First run executes all 5 steps. Kill the process during step 3. Restart with the same run_id. It replays from SQLite, sees steps 0-2 are done, skips them, and picks up at step 3. The migration doesn't run twice. The image doesn't get pushed twice. The load balancer doesn't get reconfigured.

Audit Logging: The Causality Chain

The event store is already your audit log. But for operational use, you want something more queryable. I add a structured logging layer that writes JSON lines with the full causality chain:

import logging
import sys


class AuditLogger:
    def __init__(self, run_id: str):
        self.run_id = run_id
        self.logger = logging.getLogger(f"agent.audit.{run_id[:8]}")
        handler = logging.StreamHandler(sys.stdout)
        handler.setFormatter(logging.Formatter("%(message)s"))
        self.logger.addHandler(handler)
        self.logger.setLevel(logging.INFO)

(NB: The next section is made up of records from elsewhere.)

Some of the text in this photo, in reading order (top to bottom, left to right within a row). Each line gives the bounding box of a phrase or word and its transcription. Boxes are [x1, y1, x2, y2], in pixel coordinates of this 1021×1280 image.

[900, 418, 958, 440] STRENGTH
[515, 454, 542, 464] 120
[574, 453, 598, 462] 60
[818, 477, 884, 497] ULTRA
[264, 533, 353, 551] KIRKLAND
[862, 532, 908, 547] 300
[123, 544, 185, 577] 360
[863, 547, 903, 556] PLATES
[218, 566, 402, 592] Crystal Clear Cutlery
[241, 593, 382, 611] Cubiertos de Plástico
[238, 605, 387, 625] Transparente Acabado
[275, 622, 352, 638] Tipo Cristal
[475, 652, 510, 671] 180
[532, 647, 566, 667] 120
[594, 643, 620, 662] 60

    def log_event(self, event: AgentEvent, context: dict[str, Any] | None = None):
        entry = {
            "ts": event.timestamp.isoformat(),
            "run_id": self.run_id,
            "event_id": event.event_id,
            "type": event.event_type.value,
            "step": event.step_index,
            "tool": event.tool_name,
            "caused_by": event.causality_parent,
            "idempotency_key": event.idempotency_key,
        }
        if context:
            entry["context"] = context
        if event.error:
            entry["error"] = event.error

        self.logger.info(json.dumps(entry))

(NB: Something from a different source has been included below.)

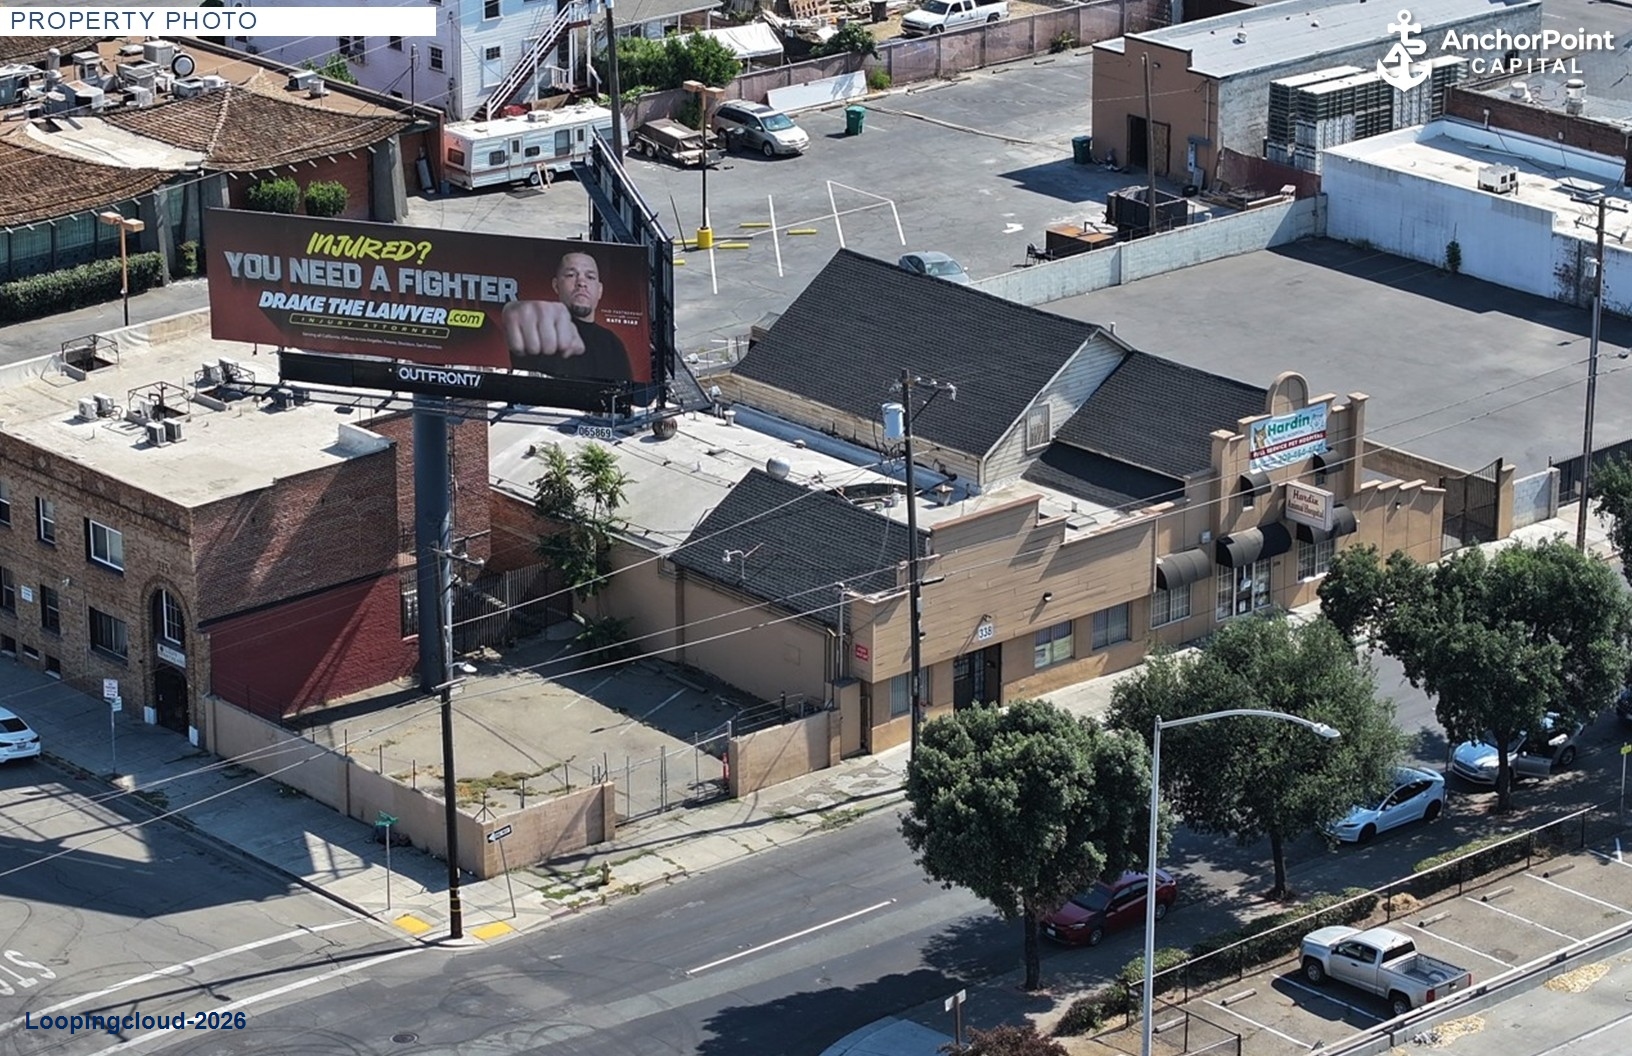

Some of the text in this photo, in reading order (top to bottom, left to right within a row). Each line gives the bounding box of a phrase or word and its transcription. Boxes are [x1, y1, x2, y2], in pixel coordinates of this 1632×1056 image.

    def trace_causality(self, event_store: EventStore, event_id: str) -> list[str]:
        """Walk backwards through the causality chain."""
        chain = []
        events = event_store.get_run_events(self.run_id)
        event_map = {e["event_id"]: e for e in events}

        current = event_id
        while current and current in event_map:
            chain.append(current)
            current = event_map[current].get("causality_parent")

        return list(reversed(chain))

When something goes wrong at 2 AM, you can pull the causality chain for the failed event and see exactly what sequence of decisions led there. No more grepping through unstructured logs trying to reconstruct what happened.

What This Doesn't Solve

I want to be honest about limitations. This pattern works great for deterministic agent workflows where the plan is known upfront. If your agent is doing open-ended ReAct-style reasoning where each step depends on an LLM call that might produce different output on replay, you need additional machinery. You'd need to store the LLM responses as events too, and on replay, feed the stored responses back instead of calling the LLM again.

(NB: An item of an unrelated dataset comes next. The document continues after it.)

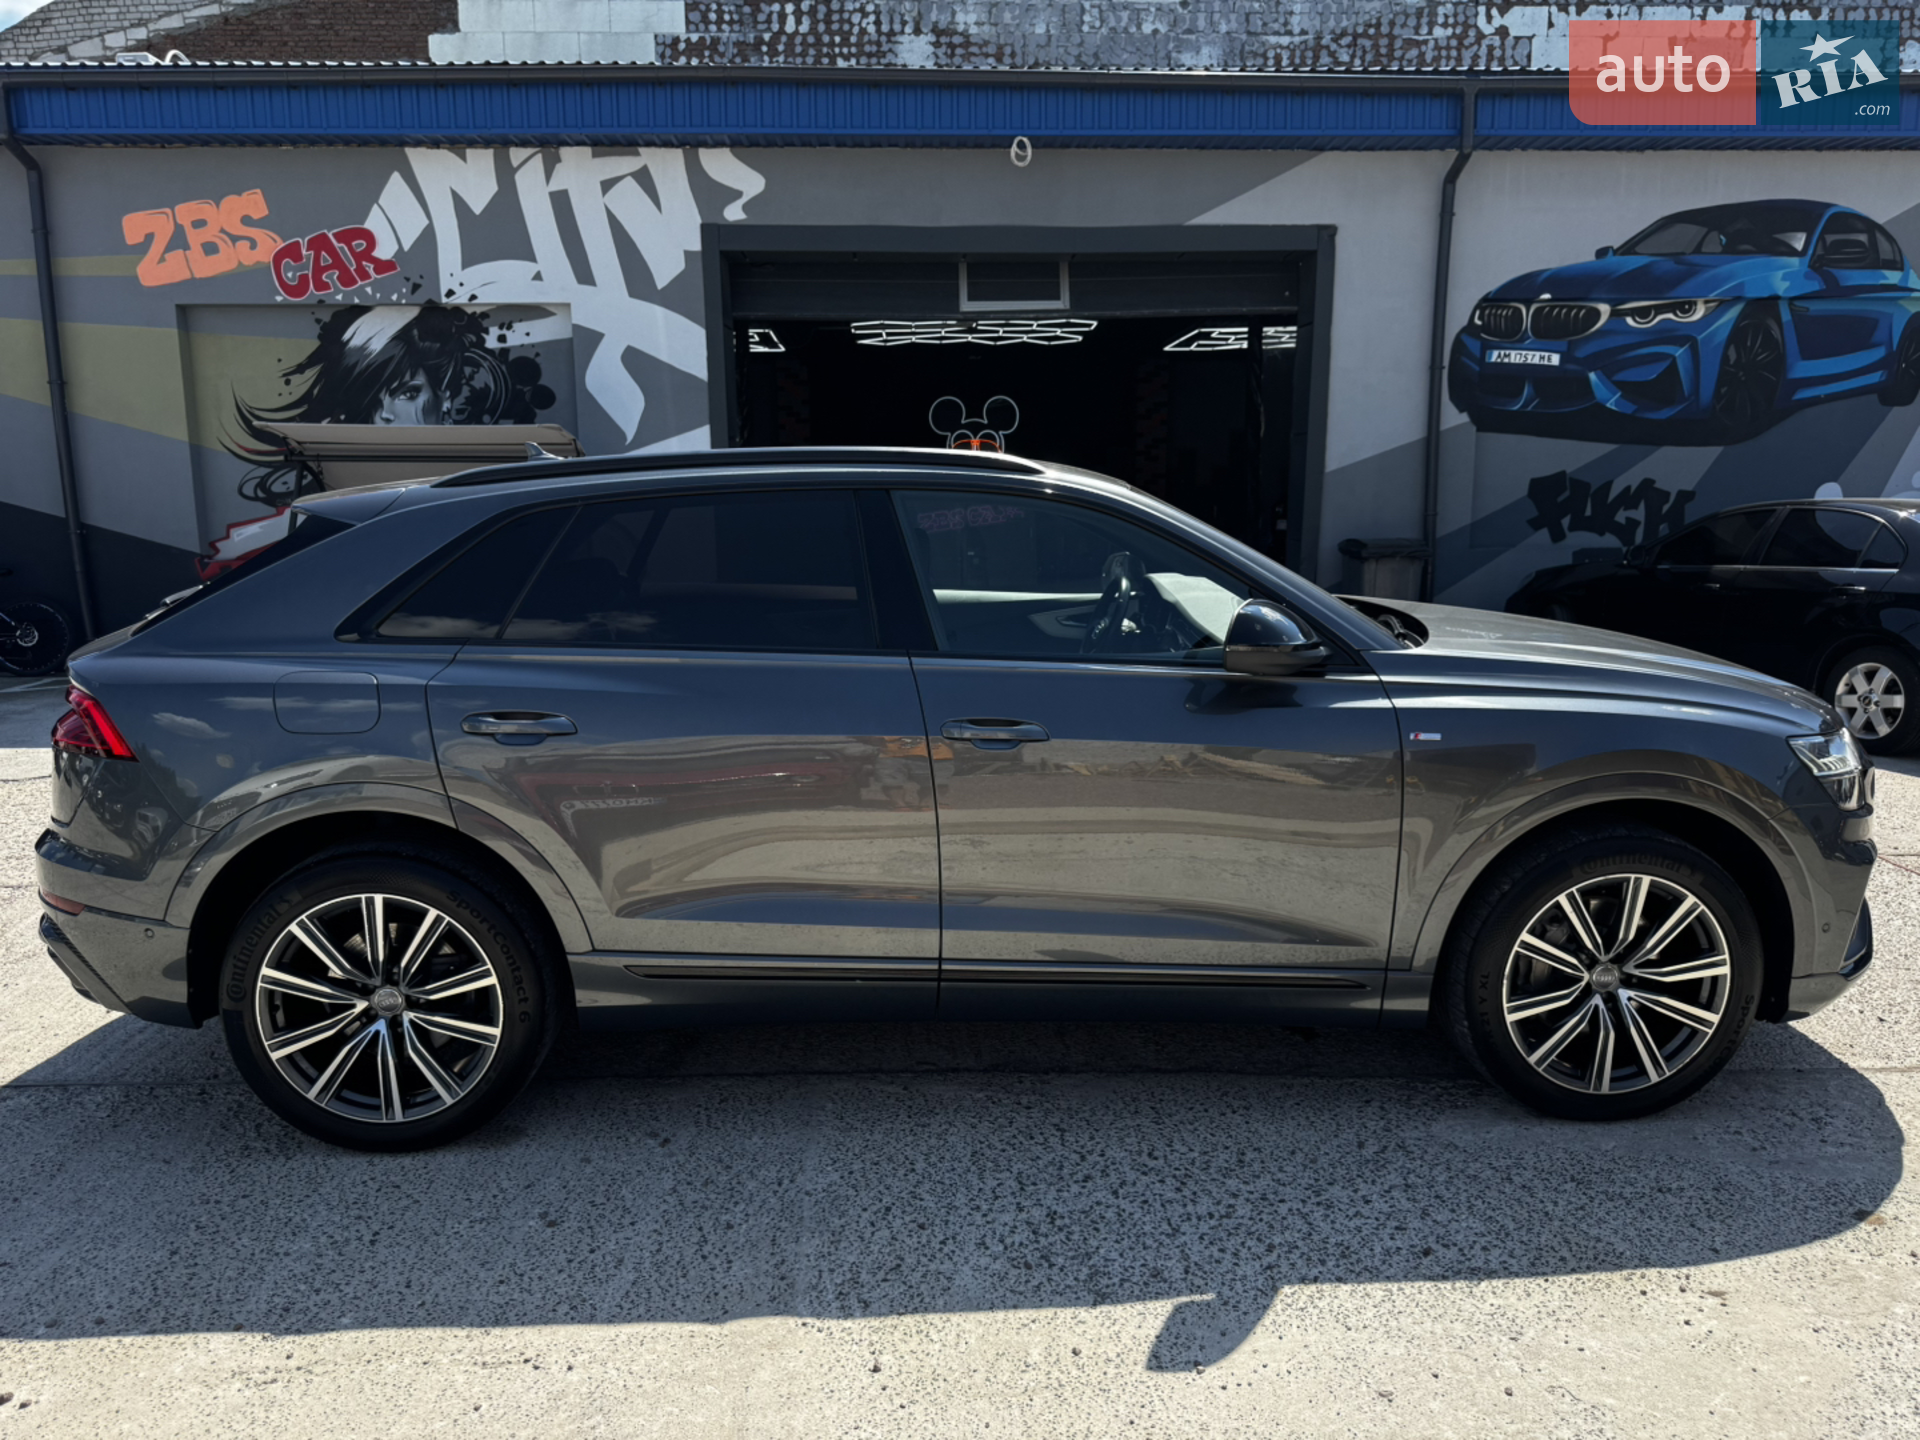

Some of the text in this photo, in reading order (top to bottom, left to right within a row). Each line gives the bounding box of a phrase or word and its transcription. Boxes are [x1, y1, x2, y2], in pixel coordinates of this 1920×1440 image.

[121, 189, 284, 288] ZBS
[271, 225, 399, 301] CAR
[226, 903, 282, 1004] Continental
[446, 889, 530, 1005] SportContact

There's also the question of timeouts. If a tool call hangs forever and the operator kills the process, the event store shows ToolCallInitiated with no completion. Is it safe to retry? Depends on the tool. You need per-tool retry policies and possibly a "check if the last attempt actually succeeded" hook before retrying.

And distributed agents -- multiple processes, multiple machines -- that's a different beast. You'd swap SQLite for Postgres with advisory locks, or use something like Temporal which solves this problem at the orchestration layer. But for single-machine agents doing real work, this SQLite approach has been solid for me for months now.

Ditto's Lesson

Ditto doesn't just copy a form. It remembers forms. It can transform back into something it saw hours ago with perfect fidelity. That's the property we want from production agents: perfect recall of what they were doing, the ability to reconstitute their state from history, and the resilience to crash and come back without missing a beat or duplicating work.

The code above is roughly 200 lines. That's all it takes to go from "hope the process doesn't die" to "it can die whenever and we'll be fine." I wish I'd written it before that 2 AM page.